Text-to-region grounding data
- - - -

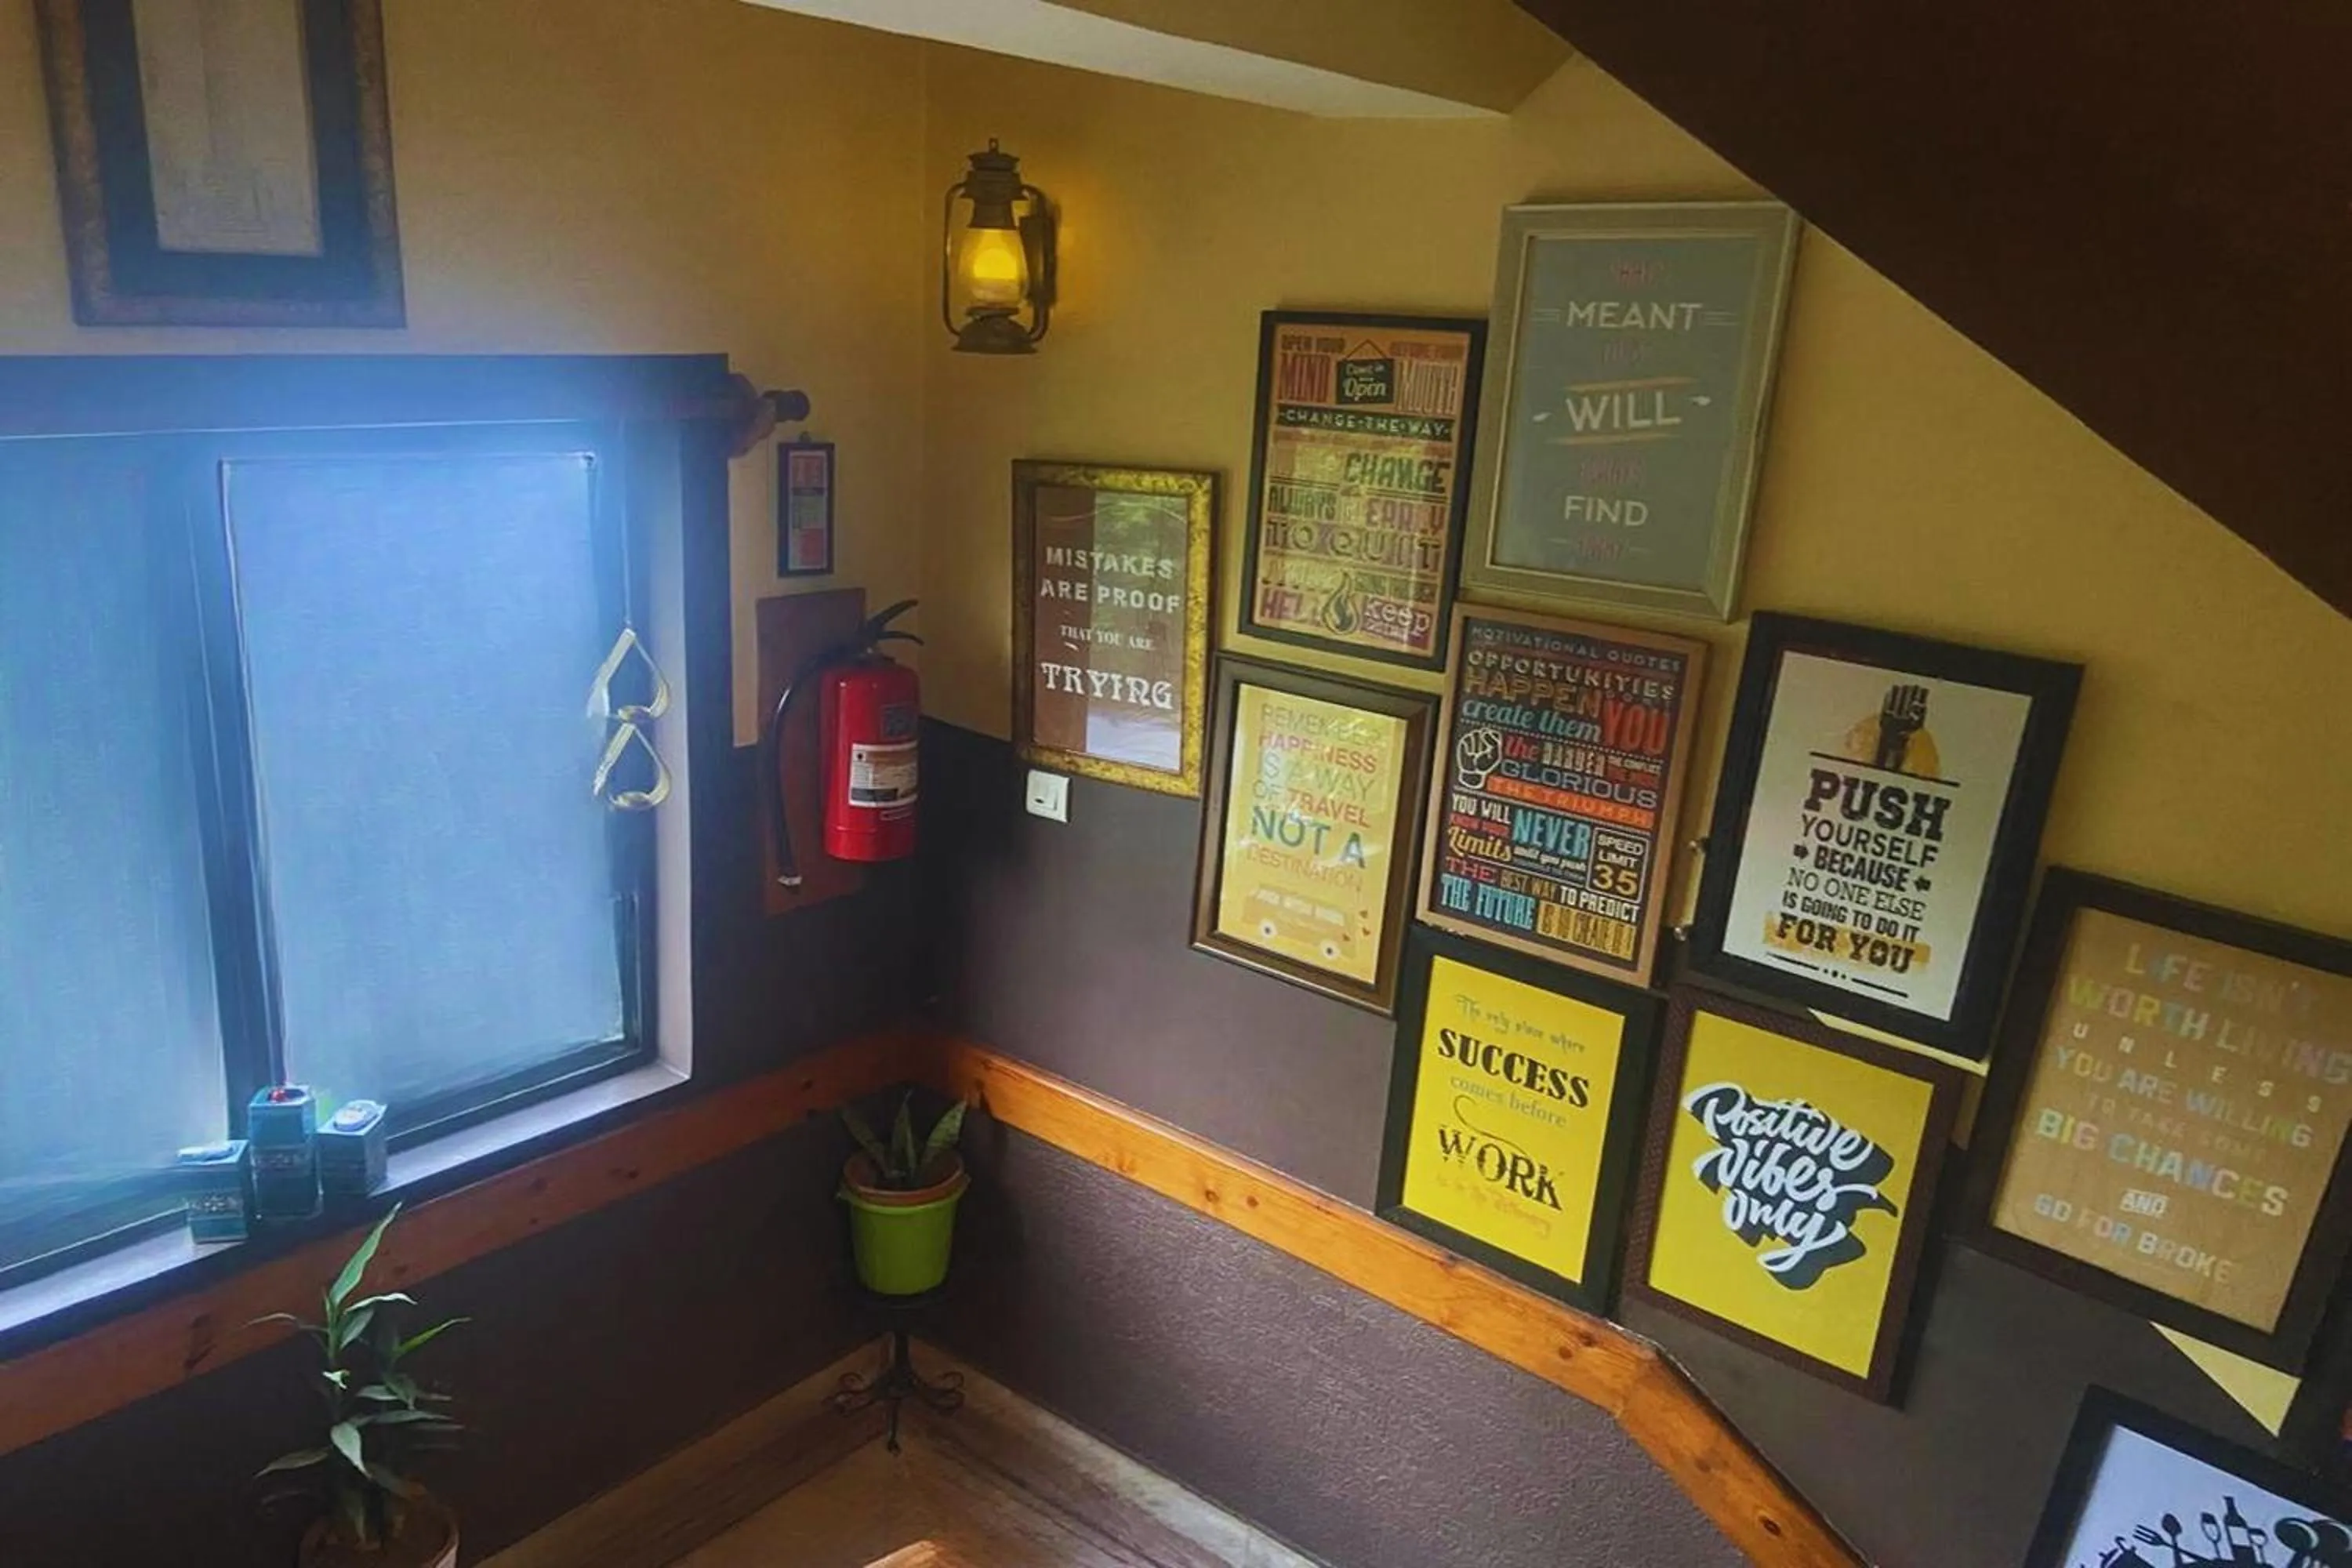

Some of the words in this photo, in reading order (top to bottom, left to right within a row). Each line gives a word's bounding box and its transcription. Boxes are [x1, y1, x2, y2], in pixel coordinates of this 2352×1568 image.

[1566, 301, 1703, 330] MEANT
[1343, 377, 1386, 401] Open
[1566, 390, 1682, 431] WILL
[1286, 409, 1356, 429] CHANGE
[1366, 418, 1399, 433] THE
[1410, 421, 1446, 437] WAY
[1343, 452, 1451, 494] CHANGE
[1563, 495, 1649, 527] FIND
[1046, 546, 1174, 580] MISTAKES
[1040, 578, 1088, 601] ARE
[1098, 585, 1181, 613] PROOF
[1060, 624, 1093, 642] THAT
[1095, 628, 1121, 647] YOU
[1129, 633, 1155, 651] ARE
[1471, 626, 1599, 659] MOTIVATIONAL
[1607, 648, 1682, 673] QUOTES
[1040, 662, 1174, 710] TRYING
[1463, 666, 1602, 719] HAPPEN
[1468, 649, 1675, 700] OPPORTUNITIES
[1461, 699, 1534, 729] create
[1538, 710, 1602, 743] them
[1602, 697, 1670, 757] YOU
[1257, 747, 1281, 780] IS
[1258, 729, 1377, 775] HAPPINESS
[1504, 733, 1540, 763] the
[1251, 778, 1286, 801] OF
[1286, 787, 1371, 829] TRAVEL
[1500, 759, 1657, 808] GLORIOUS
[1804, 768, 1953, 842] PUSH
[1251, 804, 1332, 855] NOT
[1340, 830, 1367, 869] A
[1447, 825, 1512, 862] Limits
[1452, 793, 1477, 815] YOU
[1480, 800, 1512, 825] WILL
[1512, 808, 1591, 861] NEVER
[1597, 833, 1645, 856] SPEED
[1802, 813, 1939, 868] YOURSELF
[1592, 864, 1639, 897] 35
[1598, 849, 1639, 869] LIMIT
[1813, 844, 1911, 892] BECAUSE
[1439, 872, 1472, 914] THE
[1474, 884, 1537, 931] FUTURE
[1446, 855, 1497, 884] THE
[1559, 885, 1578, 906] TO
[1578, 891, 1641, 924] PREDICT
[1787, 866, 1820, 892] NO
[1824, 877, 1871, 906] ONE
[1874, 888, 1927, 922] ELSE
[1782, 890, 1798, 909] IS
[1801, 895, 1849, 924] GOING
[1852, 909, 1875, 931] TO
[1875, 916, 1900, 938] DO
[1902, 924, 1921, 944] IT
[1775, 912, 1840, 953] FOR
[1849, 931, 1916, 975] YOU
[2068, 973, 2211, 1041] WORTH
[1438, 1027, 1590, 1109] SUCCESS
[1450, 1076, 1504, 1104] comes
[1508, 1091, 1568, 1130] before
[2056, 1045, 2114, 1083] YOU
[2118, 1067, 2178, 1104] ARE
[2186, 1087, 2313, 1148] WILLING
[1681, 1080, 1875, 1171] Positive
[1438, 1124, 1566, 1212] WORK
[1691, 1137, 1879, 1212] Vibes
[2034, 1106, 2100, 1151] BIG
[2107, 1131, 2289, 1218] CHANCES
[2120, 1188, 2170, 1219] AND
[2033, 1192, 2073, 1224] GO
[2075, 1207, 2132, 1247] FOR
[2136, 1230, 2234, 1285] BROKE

- - - -

● Problem details: Pictures are to be left out; all other data must be returned exactly.

● Answer box:
Some of the words in this photo, in reading order (top to bottom, left to right within a row). Each line gives a word's bounding box and its transcription. Boxes are [x1, y1, x2, y2], in pixel coordinates of this 2352×1568 image.

[1566, 301, 1703, 330] MEANT
[1343, 377, 1386, 401] Open
[1566, 390, 1682, 431] WILL
[1286, 409, 1356, 429] CHANGE
[1366, 418, 1399, 433] THE
[1410, 421, 1446, 437] WAY
[1343, 452, 1451, 494] CHANGE
[1563, 495, 1649, 527] FIND
[1046, 546, 1174, 580] MISTAKES
[1040, 578, 1088, 601] ARE
[1098, 585, 1181, 613] PROOF
[1060, 624, 1093, 642] THAT
[1095, 628, 1121, 647] YOU
[1129, 633, 1155, 651] ARE
[1471, 626, 1599, 659] MOTIVATIONAL
[1607, 648, 1682, 673] QUOTES
[1040, 662, 1174, 710] TRYING
[1463, 666, 1602, 719] HAPPEN
[1468, 649, 1675, 700] OPPORTUNITIES
[1461, 699, 1534, 729] create
[1538, 710, 1602, 743] them
[1602, 697, 1670, 757] YOU
[1257, 747, 1281, 780] IS
[1258, 729, 1377, 775] HAPPINESS
[1504, 733, 1540, 763] the
[1251, 778, 1286, 801] OF
[1286, 787, 1371, 829] TRAVEL
[1500, 759, 1657, 808] GLORIOUS
[1804, 768, 1953, 842] PUSH
[1251, 804, 1332, 855] NOT
[1340, 830, 1367, 869] A
[1447, 825, 1512, 862] Limits
[1452, 793, 1477, 815] YOU
[1480, 800, 1512, 825] WILL
[1512, 808, 1591, 861] NEVER
[1597, 833, 1645, 856] SPEED
[1802, 813, 1939, 868] YOURSELF
[1592, 864, 1639, 897] 35
[1598, 849, 1639, 869] LIMIT
[1813, 844, 1911, 892] BECAUSE
[1439, 872, 1472, 914] THE
[1474, 884, 1537, 931] FUTURE
[1446, 855, 1497, 884] THE
[1559, 885, 1578, 906] TO
[1578, 891, 1641, 924] PREDICT
[1787, 866, 1820, 892] NO
[1824, 877, 1871, 906] ONE
[1874, 888, 1927, 922] ELSE
[1782, 890, 1798, 909] IS
[1801, 895, 1849, 924] GOING
[1852, 909, 1875, 931] TO
[1875, 916, 1900, 938] DO
[1902, 924, 1921, 944] IT
[1775, 912, 1840, 953] FOR
[1849, 931, 1916, 975] YOU
[2068, 973, 2211, 1041] WORTH
[1438, 1027, 1590, 1109] SUCCESS
[1450, 1076, 1504, 1104] comes
[1508, 1091, 1568, 1130] before
[2056, 1045, 2114, 1083] YOU
[2118, 1067, 2178, 1104] ARE
[2186, 1087, 2313, 1148] WILLING
[1681, 1080, 1875, 1171] Positive
[1438, 1124, 1566, 1212] WORK
[1691, 1137, 1879, 1212] Vibes
[2034, 1106, 2100, 1151] BIG
[2107, 1131, 2289, 1218] CHANCES
[2120, 1188, 2170, 1219] AND
[2033, 1192, 2073, 1224] GO
[2075, 1207, 2132, 1247] FOR
[2136, 1230, 2234, 1285] BROKE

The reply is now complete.